Ma come abbiamo fatto, per tanti troppi anni, a dare importanza a cose che oggi appaiono nella loro dimensione reale, cioè ri-di-co-le, e a dare per scontato quello che abbiamo (ricevuto) di più prezioso e vitale, il nostro respiro/spirito/fiato. Come facciamo a non sapere che l’Eterno «ha in mano l’anima di ogni vivente / e il soffio di ogni essere umano» (si noti il parallelismo semitico anima/soffio; Giobbe, 12). Tanto è vero che «se [l’Eterno] richiamasse il suo spirito a sé / e a sé ritraesse il suo soffio, / ogni carne morirebbe all’istante / e l’uomo ritornerebbe in polvere (Giobbe, 34).

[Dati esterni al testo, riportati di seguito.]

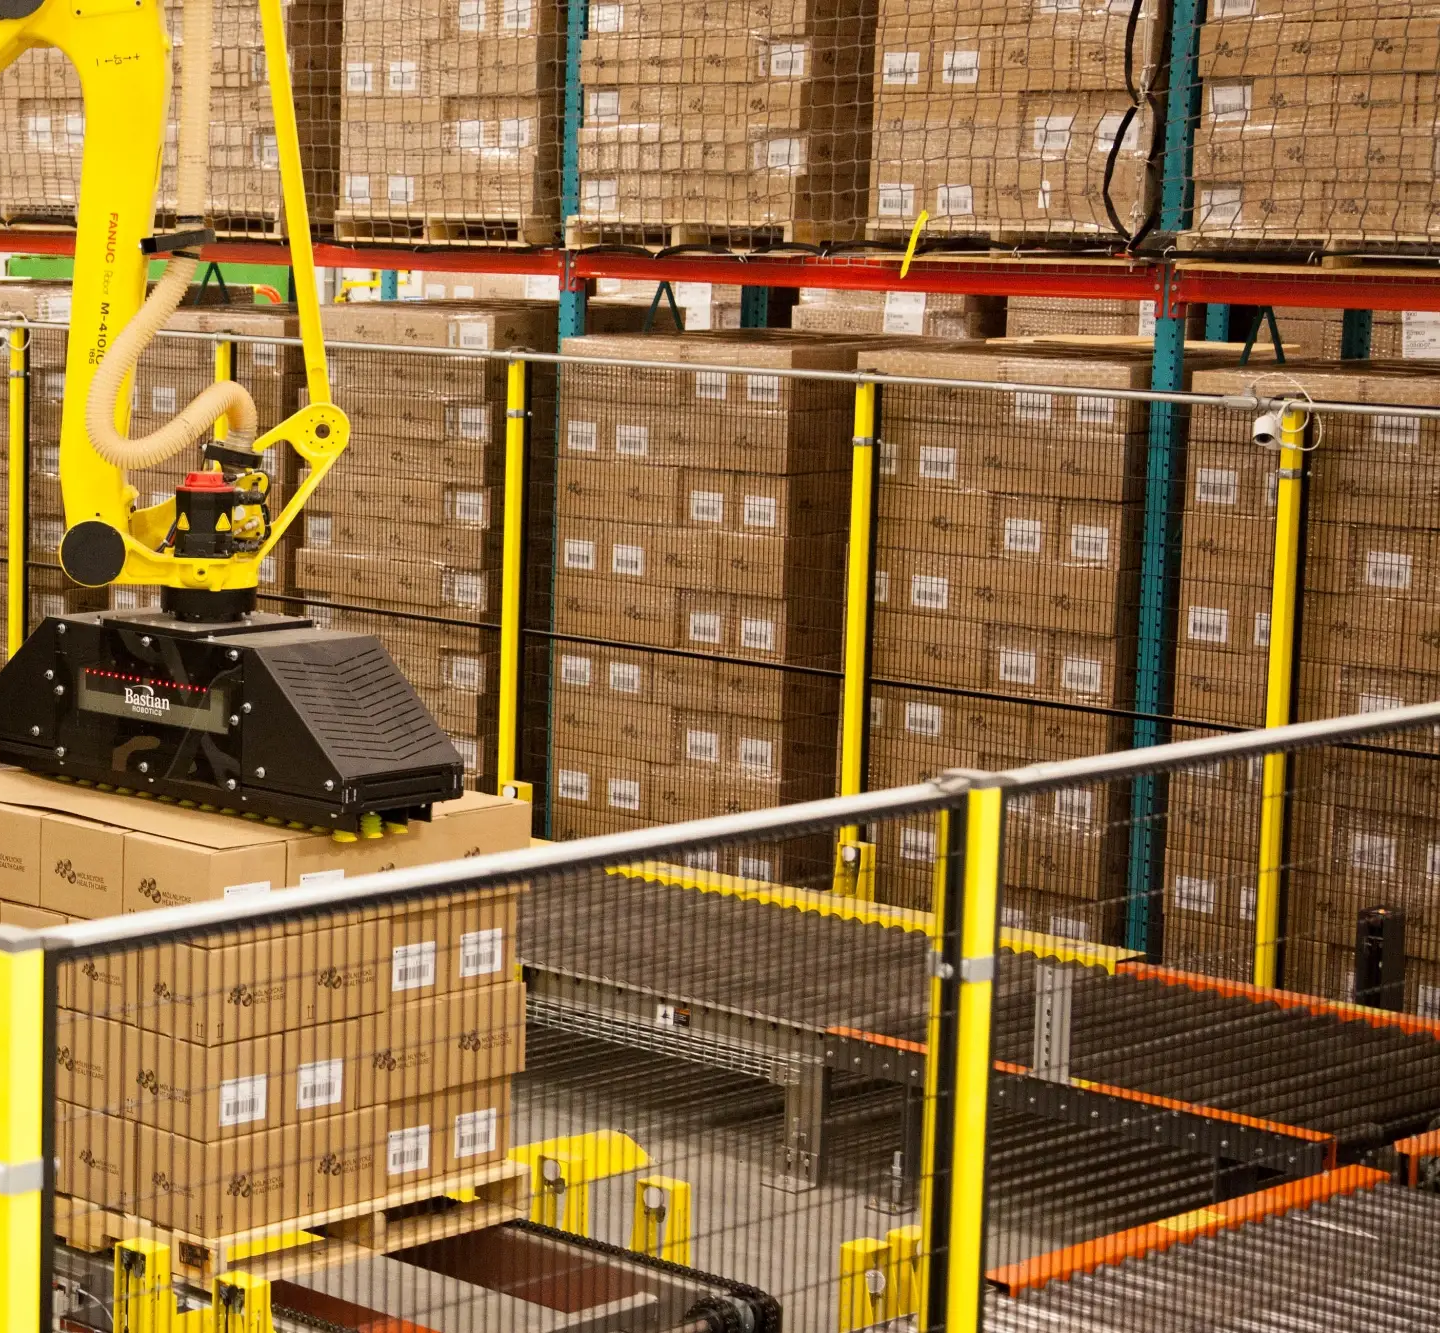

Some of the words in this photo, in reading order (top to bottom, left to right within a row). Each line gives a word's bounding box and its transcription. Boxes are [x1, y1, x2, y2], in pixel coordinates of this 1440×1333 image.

[104, 212, 119, 264] FANUC
[101, 270, 114, 295] Robot
[88, 348, 96, 365] 185
[124, 687, 171, 711] Bastian
[131, 704, 163, 717] ROBOTICS

Non è la morte forse una realtà che abbiamo sotto gli occhi tutti i giorni, e proprio insieme alla vita? Anche se lo neghiamo. Non abbiamo voluto (sia detto in generale) ascoltare il grido dei fiati e dei sospiri dei morti affogati nel Mediterraneo. Oggi siamo costretti ad ascoltare l’urlo muto dei polmoni pieni di liquido dei morti per Covid-19.

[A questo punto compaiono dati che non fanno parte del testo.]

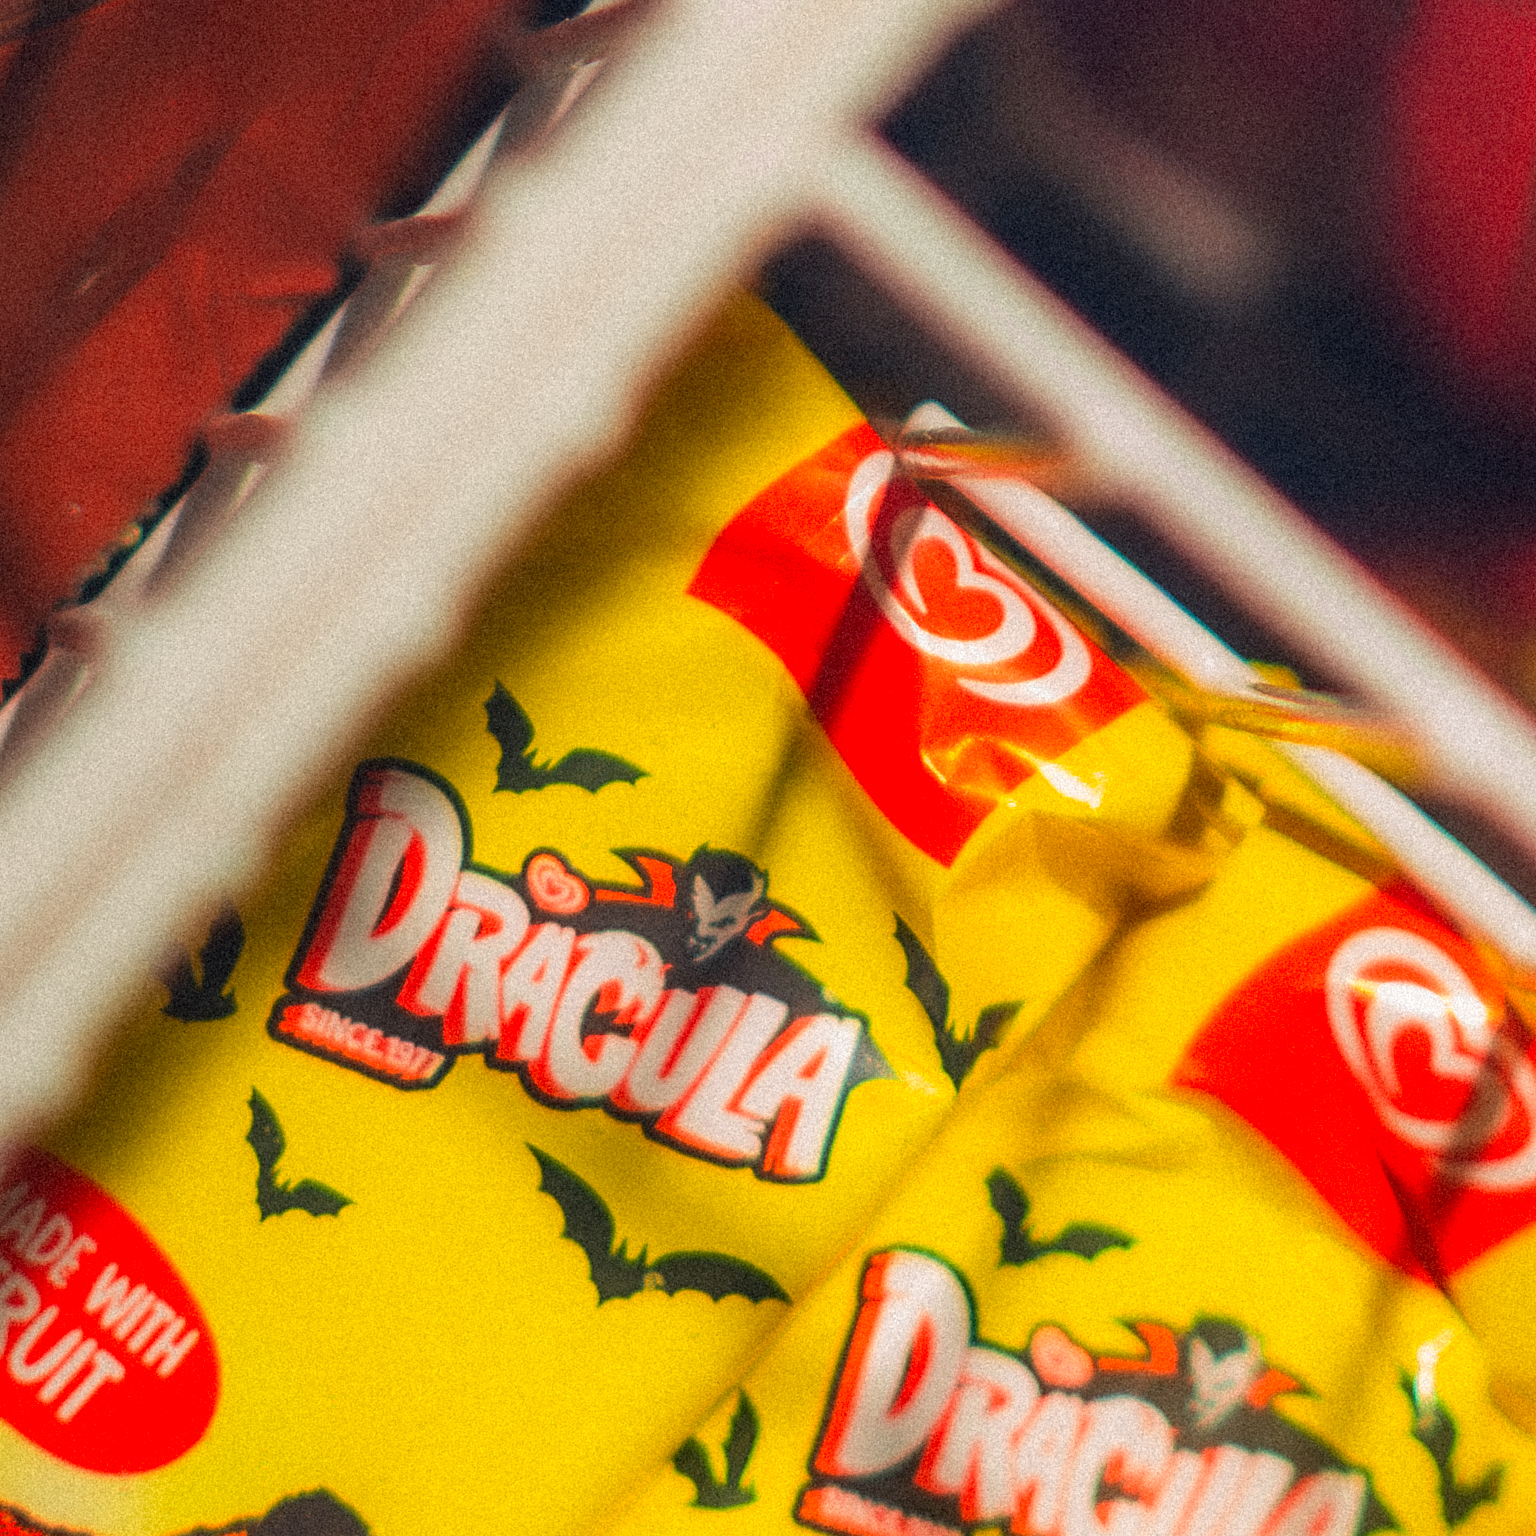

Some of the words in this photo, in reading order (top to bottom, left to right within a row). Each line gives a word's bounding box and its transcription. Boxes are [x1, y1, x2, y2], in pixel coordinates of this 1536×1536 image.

[297, 765, 864, 1181] DRACULA
[295, 999, 386, 1064] SINCE
[84, 1262, 200, 1378] WITH

L’uomo, maschio e femmina, muore per mancanza di fiato e per la potenza del suo errare: menzogna, creduloneria, ignoranza, supponenza, orgoglio, vanità, sete di potere (economico, politico, religioso), violenza, fornicazione, stoltezza; cioè, «tutto fiato sprecato!»; cioè, diseducazione dello spirito, del modo di respirare pensare agire dell’essere vivente. Anche Mattia, il primo guarito da virus, un giorno morirà. Gli auguriamo il più in là possibile. E auguriamo a lui e a noi che, prima di morire, noi tutti si rifletta un poco, se si vuole, su due cose meravigliose. La prima riguarda la persona di Cristo Gesù il Sapiente, che non si lascia tirare qua e là da fanatismi o finzioni, fossero pure religiose. Di lui l’apostolo, ponendo un confronto radicale, scrive: «Il PRIMO uomo, Adamo, divenne un essere vivente; L’ULTIMO ADAMO È SPIRITO CHE DÀ LA VITA» (1 Corinzi, 15). L’ultimo Adamo è Cristo. Per «sopravvivere» può bastare, per qualche decennio, lo spirito di Adamo. Ma per «vivere» è necessario nutrirsi di Cristo, del suo spirito vivente e vivificante che impariamo a conoscere (cioè, a «respirare») nei consigli dell’evangelo.
Infatti, a proposito di nutrimento, la seconda cosa meravigliosa da considerare oggi è la verità affermata da Cristo stesso: «È lo spirito che dà la vita, la carne non giova a nulla» (Giovanni, 6). La carne è l’aspetto debole, fragile dell’essere umano, che vive, si agita per un po’, si ammala, muore. La vita sta invece nel Respiro-di-Cristo-Gesù-risorto, il quale «parla» nelle pagine «ispirate da Dio» della Scrittura: qui l’Eterno parla al cuore dell’uomo e della donna, qui egli consola, consiglia, ammaestra, riprende, corregge, educa alla giustizia. Cioè a dire, insegna a respirare in armonia con il suo respiro. Beato chi impara a respirare Cristo Gesù. Antonino Zichichi, fisico di fama internazionale, considerando le distanze immense fra gli elementi subatomici costituenti il nostro corpo, disse: «In fondo noi siamo dei palloni gonfiati!» Vero è. Palloncini gonfiati dal fiato dell’Eterno.